By defining synergism as “micelle formation at total mixed surfactant concentrations in the solution phase lower than the CMCs of both surfactants in the mixture”, Hua and Rosen derived the second condition for synergism (|ln(C_{1}/C_{2})| < |β|) in addition to the first condition of β > 0 ^{[38]}. Likewise, they derived the second condition of antagonism as |ln(C_{1}/C_{2})| < β in addition to the first criterion (β > 0).
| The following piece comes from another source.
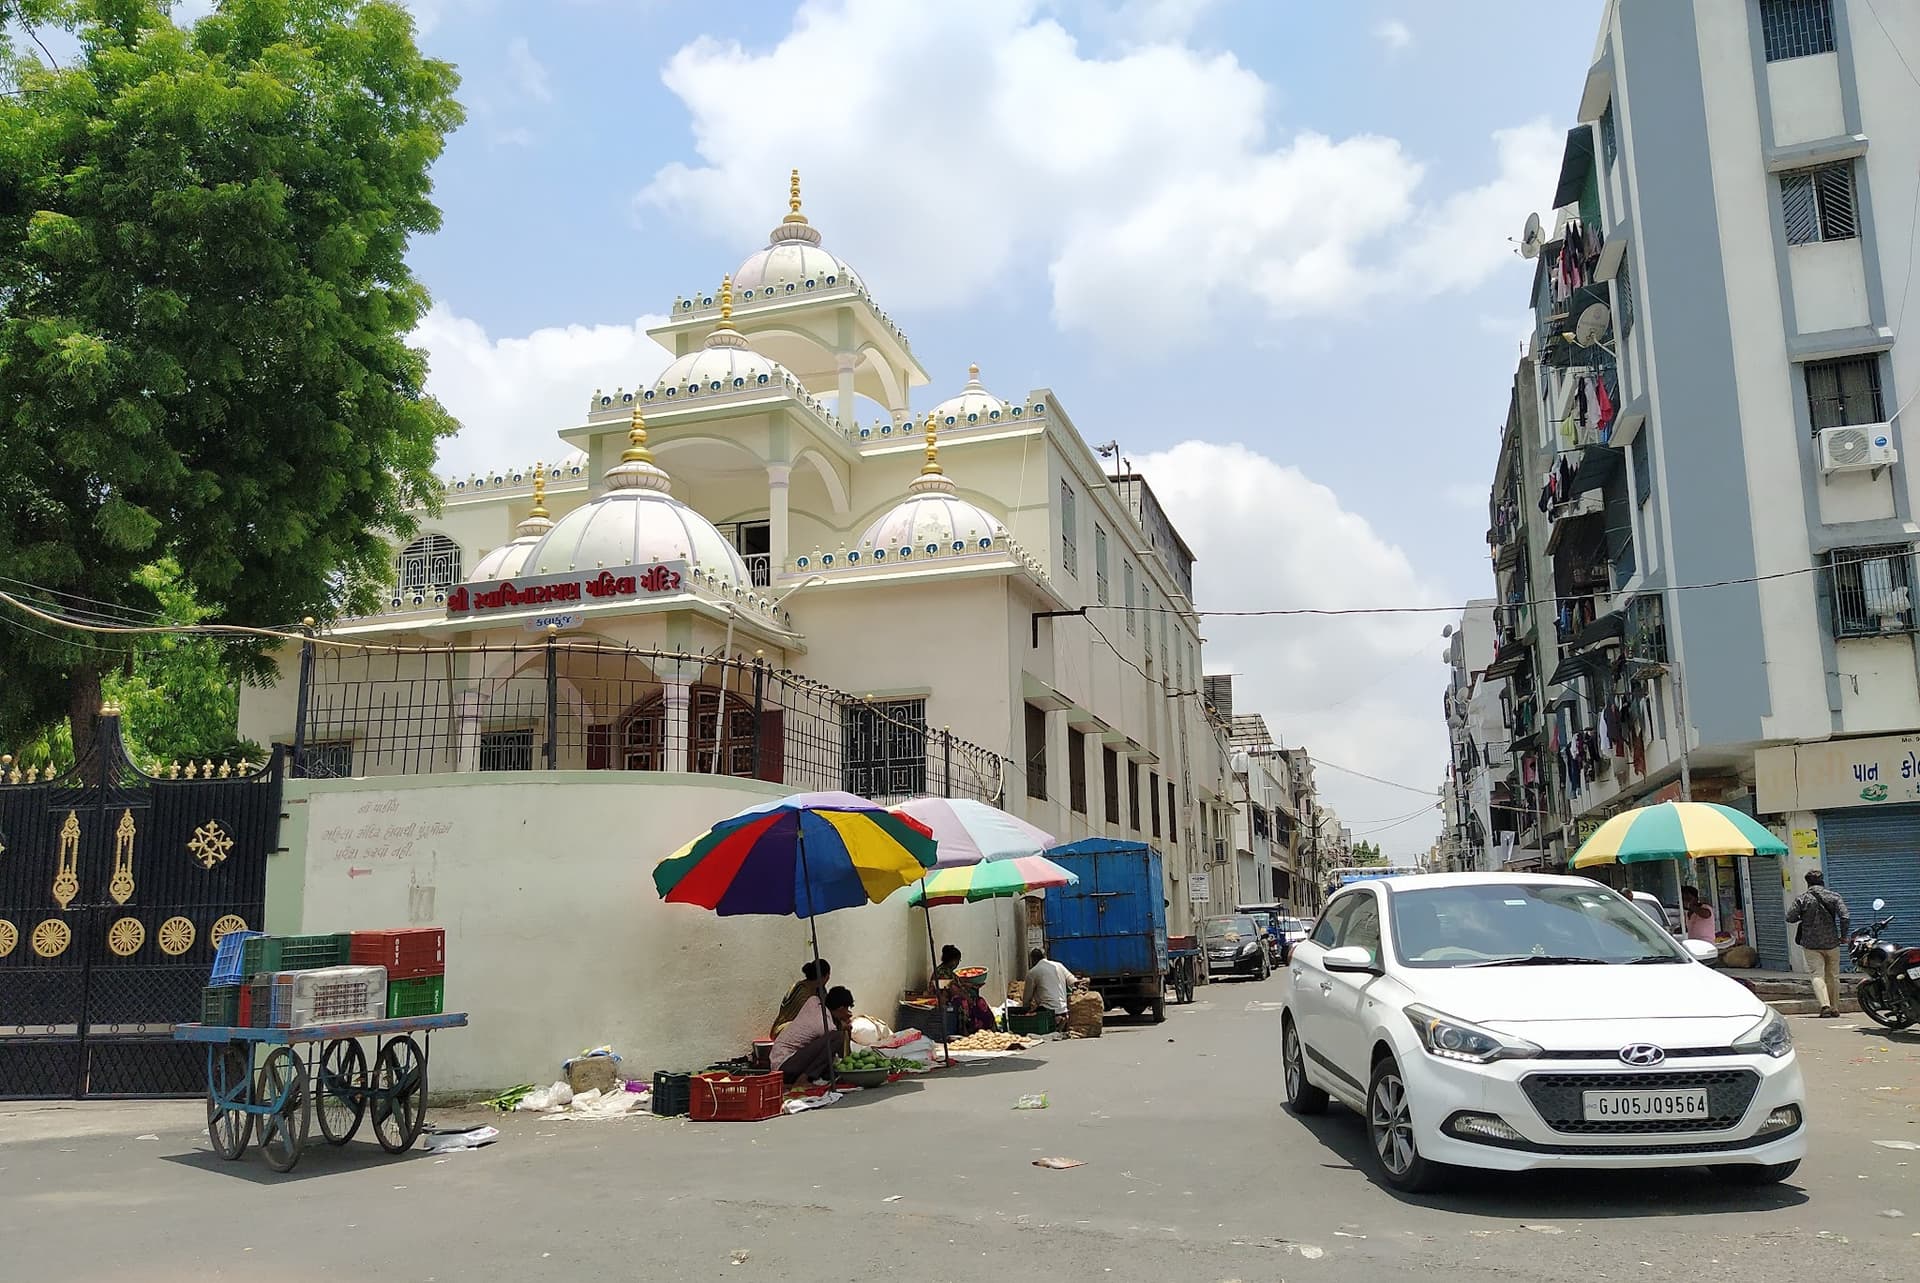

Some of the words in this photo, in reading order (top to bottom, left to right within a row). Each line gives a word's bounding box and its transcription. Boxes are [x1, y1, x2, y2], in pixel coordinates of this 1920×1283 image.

O’Connell and Prausnitz derived the regular solution theory for Henry’s coefficient of the gas in the mixed solvent ^{[12]}^{[13]}. Treiner and coworkers applied the theory to the partition coefficients of the mixed micelle for solutes with slight modification as follows ^{[14]}^{[15]}^{[20]}^{[21]}:

$${\mathrm{l}\mathrm{n}K}_{12}={x}_{1}\mathrm{l}\mathrm{n}{K}_{1}+\left(1-{x}_{1}\right)\mathrm{l}\mathrm{n}{K}_{2}+B{x}_{1}\left(1-{x}_{1}\right)$$

where K_{12}, K_{1}, and K_{2} are partition coefficients of a binary mixed micelle of surfactant composed of 1 and 2, pure micelle composed of surfactant 1, and that of surfactant 2, respectively. The value B is the interaction parameter and should be the same as β; however, they point out that assuming β = B is quantitatively not entirely satisfactory, even in the case of nonpolar gases in simple liquid mixtures, because of the omission of the contribution of the solute in the interaction parameter ^{[15]}. Therefore, they determined B separately from β, including all surfactant/surfactant and solute/surfactant interaction terms. Using the experimental data of the partition coefficient and CMC value, Treiner and colleagues proposed the following empirical equation to relate the values of β and B ^{[16]}:

$$B=0.194+0.343\beta $$

However, the meaning of B remained ambiguous. Recently, the author and coworkers proposed a relation ^{[28]}.

$$B=\beta -{\beta}_{123}$$

β_{123} is an additional interaction parameter involving the two surfactants (surfactant 1 and 2) and one solute (regarding the solute as the third component, surfactant 3, of the mixed micelle). The parameter can be determined by measuring the CMC of the ternary system (two surfactants and a solute), the method of which is presented in the reference ^{[28]}. The information gives the change in the interaction parameter specific to the ternary system. Still, the evaluation of parameter β_{123} requires evaluating the CMC in a ternary system and determining partitioning constants, treating one of the components as the solute. Such an example is limited so far ^{[28]}, and further investigation is required to verify and find a relation between β_{123} and β.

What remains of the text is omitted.